Let me just put this sql dump in the web root for a couple hours to copy over to the test server.

1 comments

Google also has to know that the file is there, before indexing it, either from a link available to Google, or from the website's sitemap, or by activating directory listing in Apache, or some other shit like that.
This is very simple. If you're using Chrome Browser, ChromeOS, or Google Toolbar, then google is using their pagerank tech ... or essentially sending the url you type into the browser to their servers for ranking purposes. If you can access it freely on the net, assume it is already indexed, even if there are no links to it.
Is this true? Can you (or anyone) point to some kind of reference or evidence? If valid, I'd consider this an almost dangerous breach of privacy.
As requested:

http://en.wikipedia.org/wiki/PageRank#The_intentional_surfer...

> The Google toolbar sends information to Google for every page visited, and thereby provides a basis for computing PageRank based on the intentional surfer model.

For it to display a pagerank, it has to send the url to Google (otherwise, how is it going to know what to display the rank for?). Google can then send the crawler to that address later.

> If valid, I'd consider this an almost dangerous breach of privacy.

I don't believe they monitor who is going where. Just where people are going.

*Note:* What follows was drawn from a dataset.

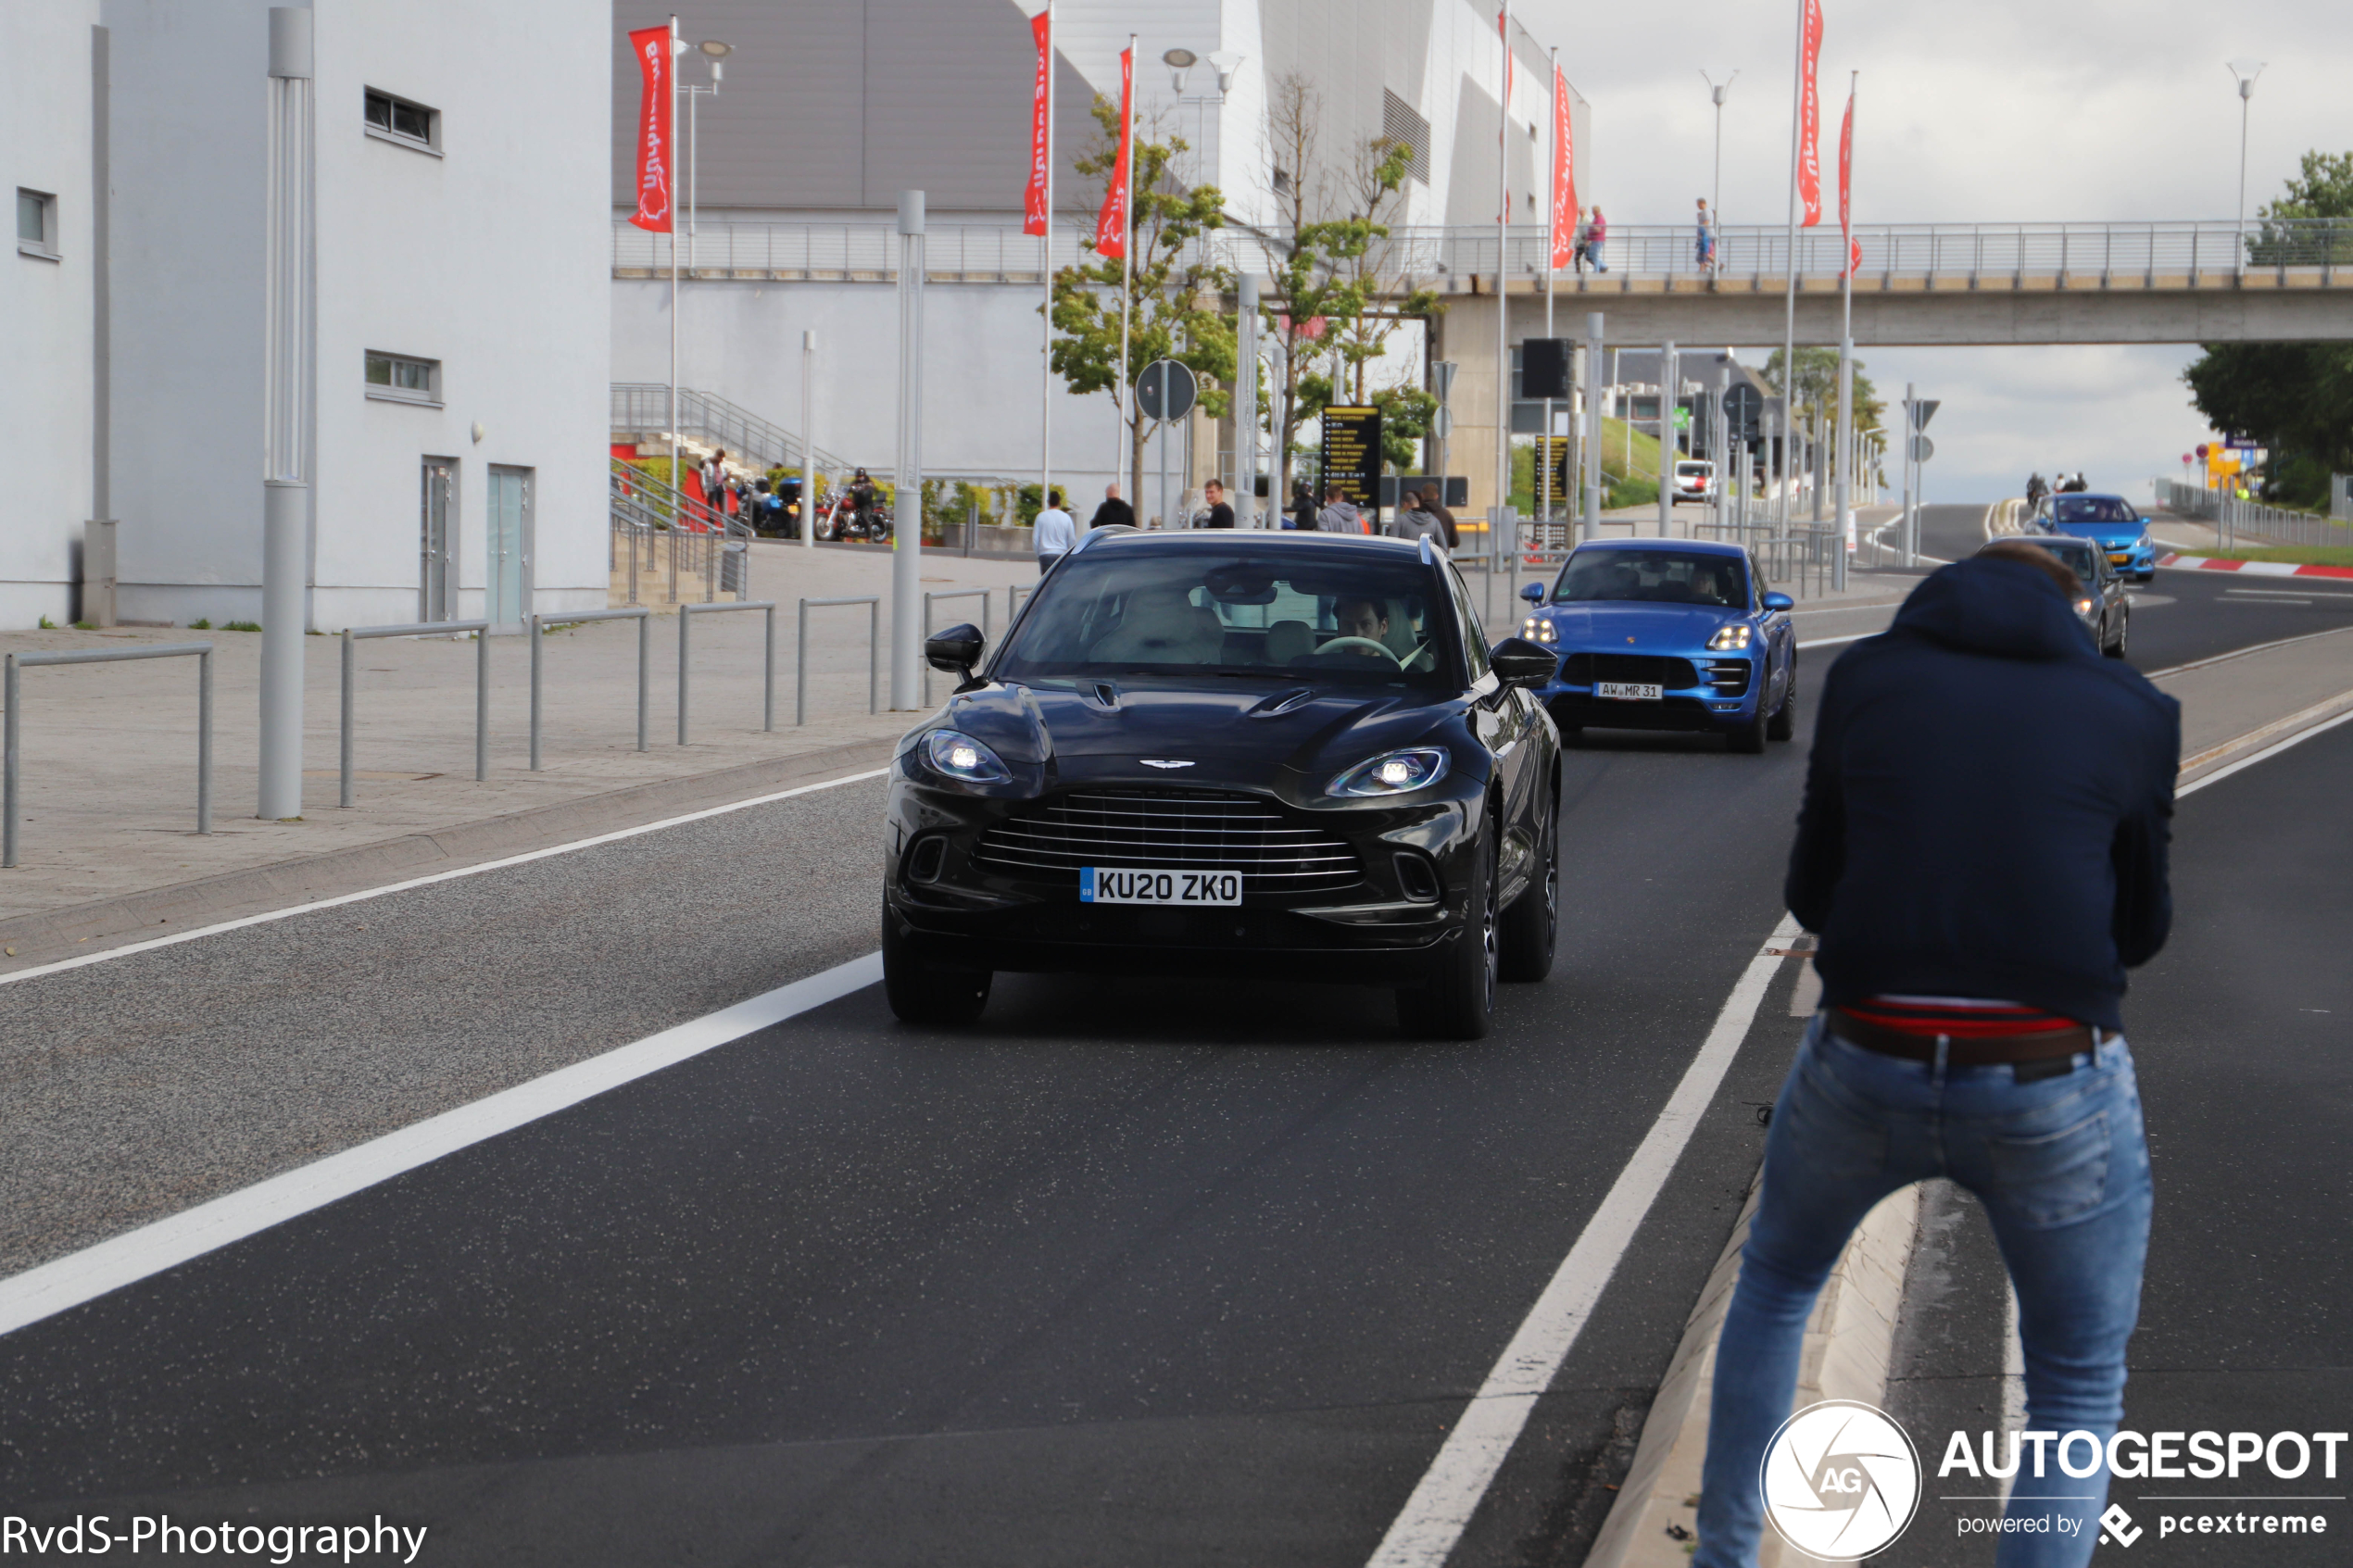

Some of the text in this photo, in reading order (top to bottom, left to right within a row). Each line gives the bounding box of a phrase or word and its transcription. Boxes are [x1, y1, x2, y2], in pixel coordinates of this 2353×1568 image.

[1603, 684, 1657, 697] AW MR 31
[1099, 872, 1237, 901] KU20 ZKO

Although it would be trivial for them to monitor who is going where ...

Also, an FYI, if you are logged in to Google and you're using their search engine, then they ARE monitoring you. Check out Google Web History.

Thanks for the link.

I was concerned more with content indexing of URLs that are not meant to be public, to the point where that content could show in search results. Imagine my editor emails me a link to a blog article for approval before publishing. Or, as a designer, you create a draft of a web page to show to your client; and for the convenience of said client, you prefer not to have it password protected (nor take the time to set it up - you have enough to do!)

In both cases, imagine that someone loads the URL in their Chrome browser. If that action resulted in the URL being added to the googlebot's itinerary, even though no publicly visible webpage links to it, the result could be the exposure of information that we don't want. Or for the blog post example, it could even affect SEO by causing a duplicate content penalty.

Of course we can password protect the page, exclude the urls in robots.txt, etc. But there is a labor cost and inconvenience to having to do that, and there is always risk that something would slip through.

That said, what I write above is likely pure speculation; I don't know of any evidence that Google is actually doing this, and it seems unlikely to me that they would.

Directory listing was on. Searching google's cache for http://www.sosasta.com/uploaded/ will confirm as much.
Searching on cache:http://www.sosasta.com/uploaded/ doesn't show a result now from here (Australia.)

Also, searching on link:http://www.sosasta.com/uploaded/ doesn't show anyone linking to it. Even if the directory is there, it had to get there in the first place somehow.

To: mycolleague@gmail.com

The database dump is here: http://www.secretserver.com/database.sql.gz

Don't tell anyone.

You really think google adds private emails to its public index? Get real.
If the URL is a publicly accessible webserver with no robots.txt telling them to stay off it, I wouldn't be surprised if it gets fed to the crawler.
Google can even index files listed in robots.txt (it just doesn't crawl them)
The email wasn't indexed but (maybe) a link in the email was.

Google honours robots.txt, X-Robots headers etc but everything else is fair game.

They scan my private emails to target advertising at me - why would they not follow links (as the link obviously denotes something I'm interested in)?

And, as the others state, if it's not robots.txt denied then why not add it to the public index?

A company I worked for had a clever script that automatically put all content on the server into a Google sitemap.